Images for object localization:
..............................

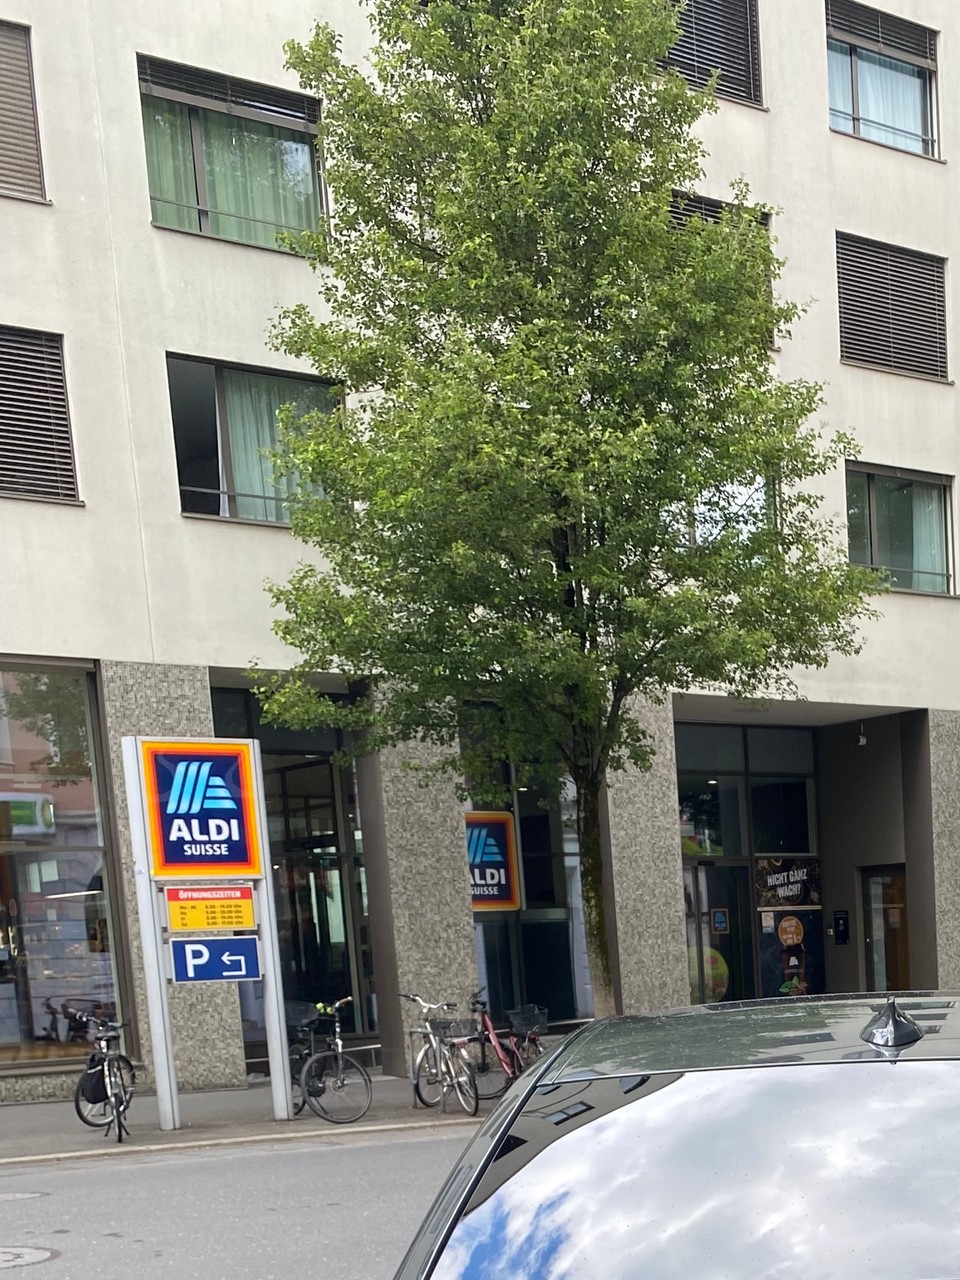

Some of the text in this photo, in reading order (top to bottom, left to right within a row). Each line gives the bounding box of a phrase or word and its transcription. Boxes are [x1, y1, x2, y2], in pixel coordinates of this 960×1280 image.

[169, 818, 240, 842] ALDI
[184, 843, 229, 855] SUISSE
[767, 868, 808, 887] NICHT GANZ
[178, 889, 241, 899] ÖFFNUNGSZEITEN
[777, 883, 801, 898] WACH?
[184, 943, 210, 978] P

..............................

### [EXERCISE PROMPT]
Output every entry word for word, but omit the pictures.

### [ANSWER SPACE]
Some of the text in this photo, in reading order (top to bottom, left to right within a row). Each line gives the bounding box of a phrase or word and its transcription. Boxes are [x1, y1, x2, y2], in pixel coordinates of this 960×1280 image.

[169, 818, 240, 842] ALDI
[184, 843, 229, 855] SUISSE
[767, 868, 808, 887] NICHT GANZ
[178, 889, 241, 899] ÖFFNUNGSZEITEN
[777, 883, 801, 898] WACH?
[184, 943, 210, 978] P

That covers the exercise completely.